According to PVGIS a 1 m² (150 W) panel lying flat near Almería­ in southern Spain would produce 0.28 kWh/day in December (the worst month of the year). That's an average of 11.7 W so to produce 1.44 TW we'd need an area of 123 thousand km².

That's 241 m²/peep which is a bit more than my previous estimate for the world of 200 m²/peep which was itself an overestimate. However, here I'm taking southern European insolation rather than that of slightly sunnier countries to the south and also taking the worst month of the year on the slightly dubious assumption that more PV is cheaper than more inter-seasonal storage.

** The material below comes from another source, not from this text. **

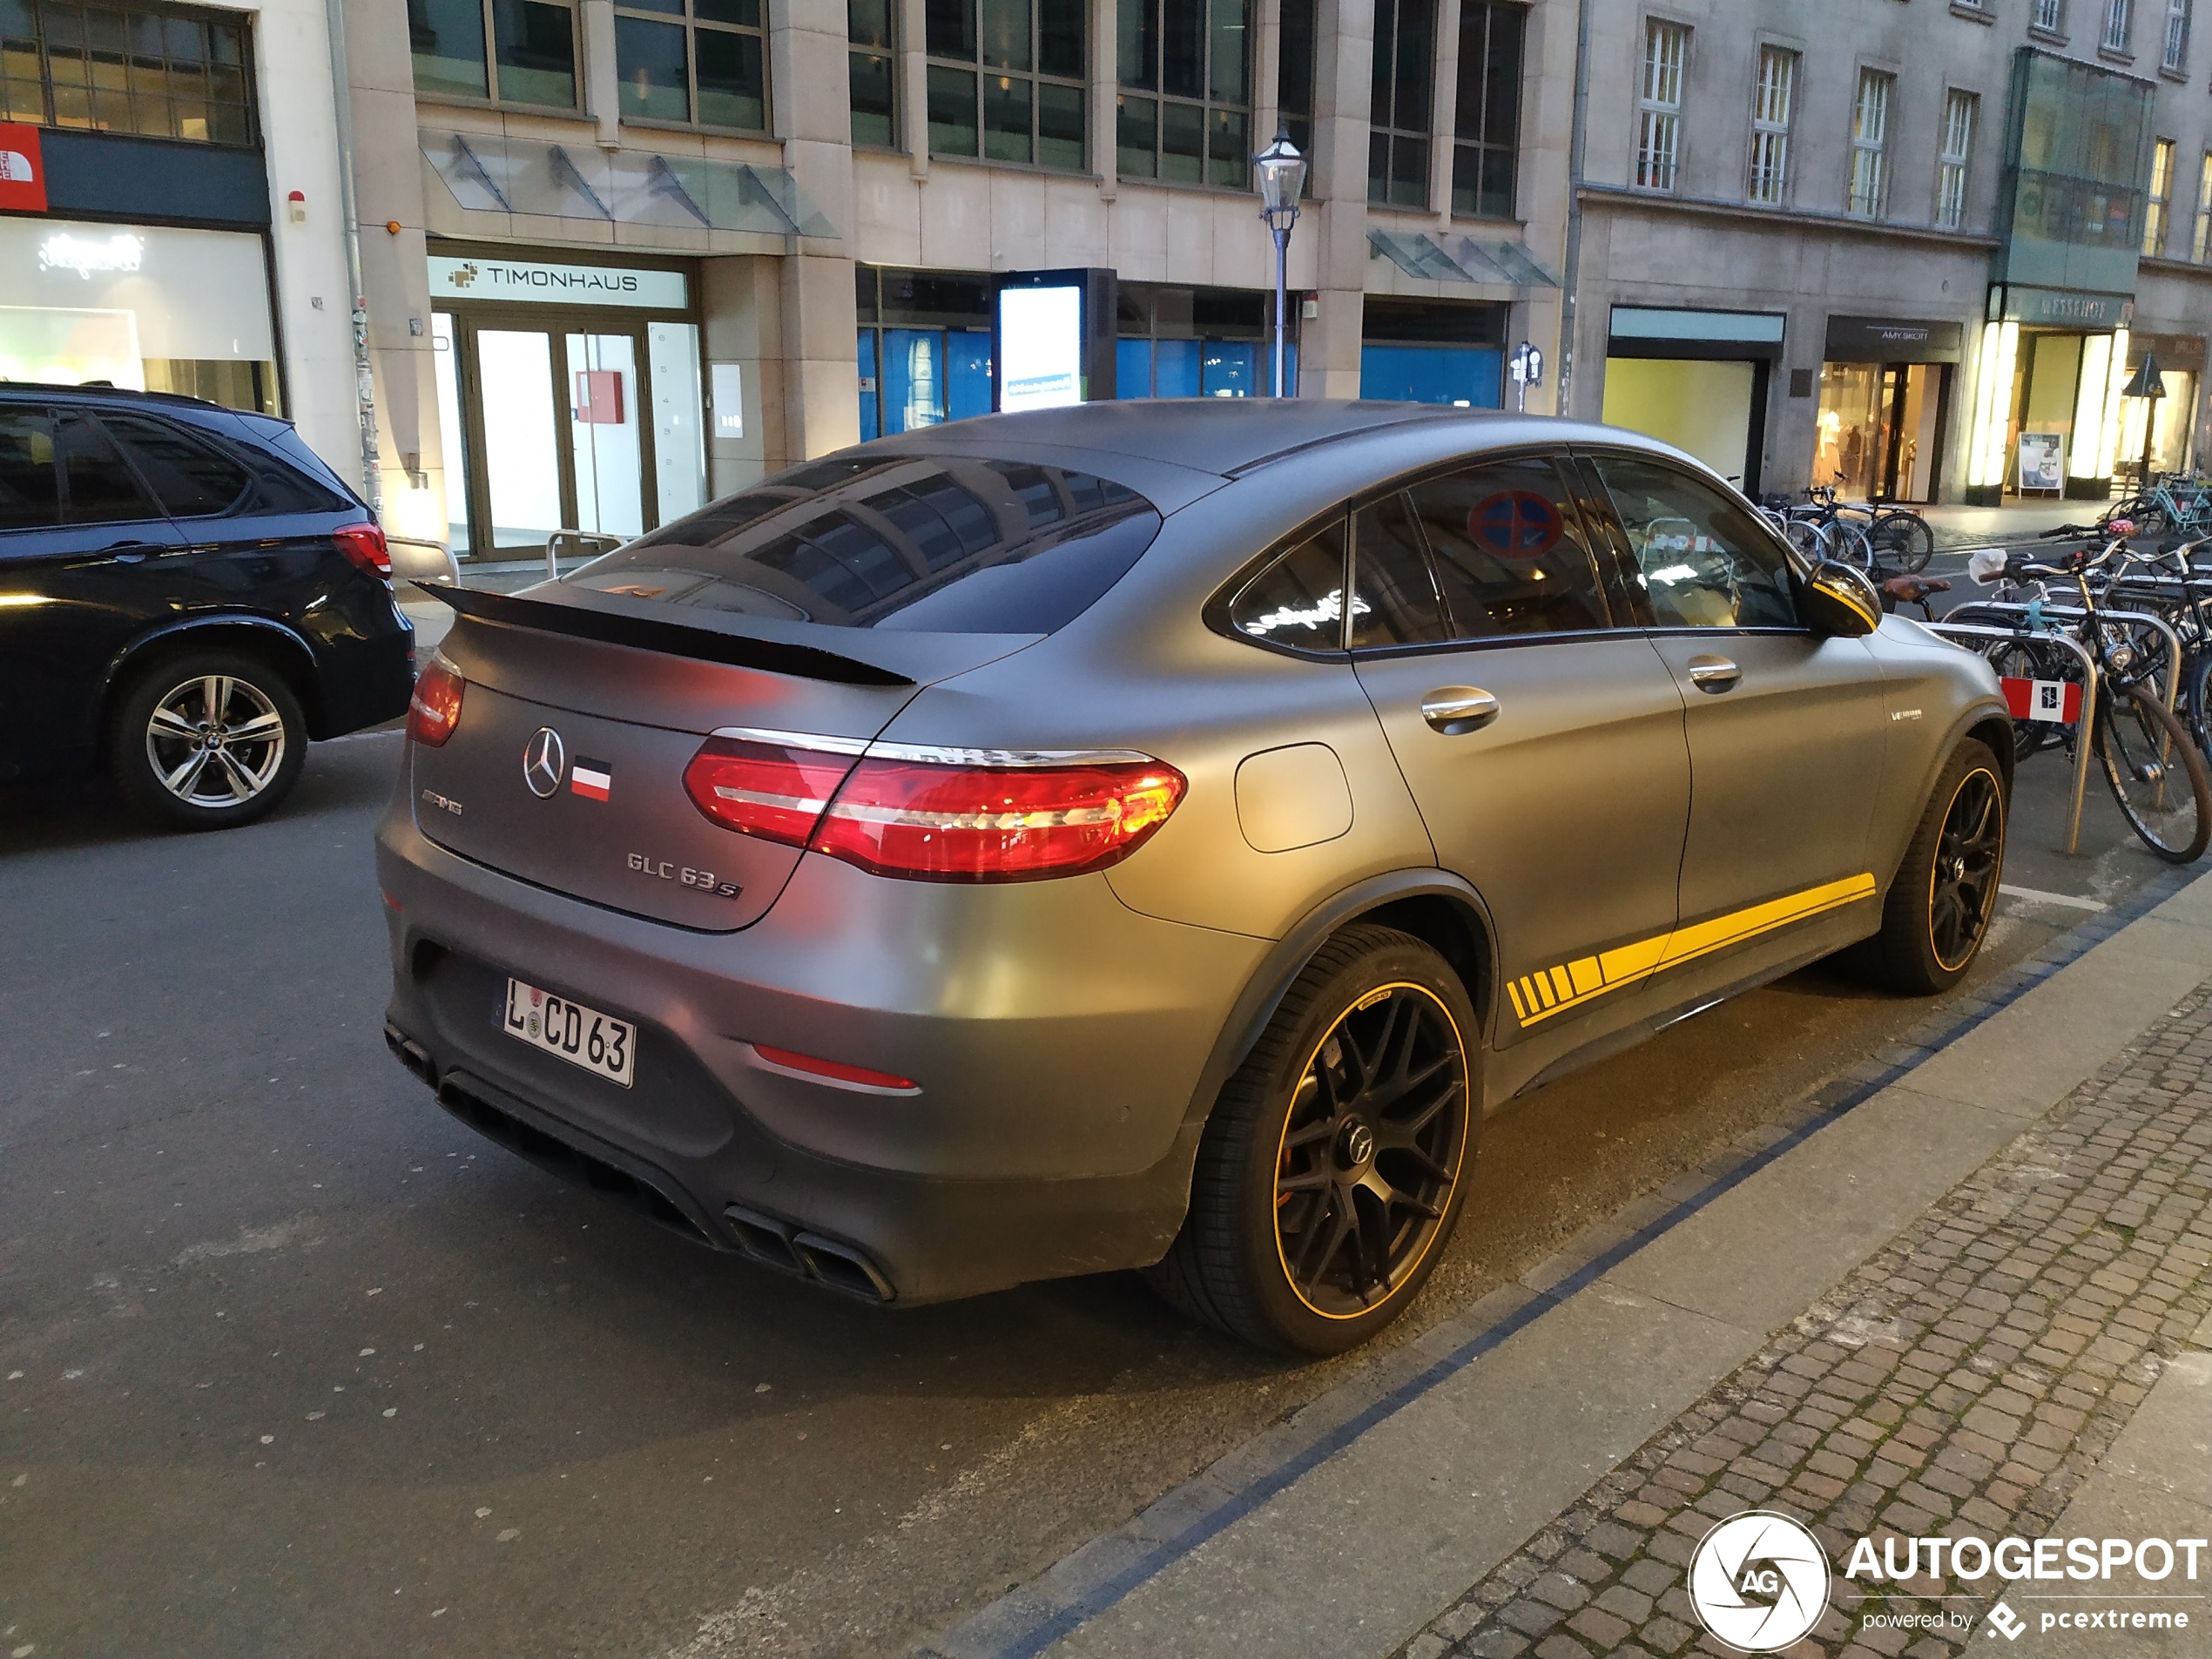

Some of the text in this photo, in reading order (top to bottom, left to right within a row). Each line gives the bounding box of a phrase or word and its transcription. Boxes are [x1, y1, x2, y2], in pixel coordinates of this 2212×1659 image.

And that's also ignoring the benefits of other sources of renewable energy which complement PV. Wind in northern Europe tends to mirror sun in southern Europe reducing the amount of PV needed for the worst part of the year.

That area is not small. But it's worth some comparisons with other areas we use. This NationMaster page weirdly gives two different figures for the number of kilometres of road per 100 km² for the EU: 169.95 and 121.79. Since it gives the Eurozone separately it's not obvious what's going on here but taking the lower of those, noting that the EU has an area of 4.475 million km² and guessing at an average road width of 6 metres the road area would be:

>>> 121.79/100 * 4.475e6 * 6/1000

33 thousand km². If we can afford that much space for one mode of transport then we can afford a bit less than four times the amount for all our energy needs, particularly as a significant proportion can be shared with other uses such as building roofs.

(By the way, I'm yet to be convinced that using actual road area for PV is not a nitwit idea.)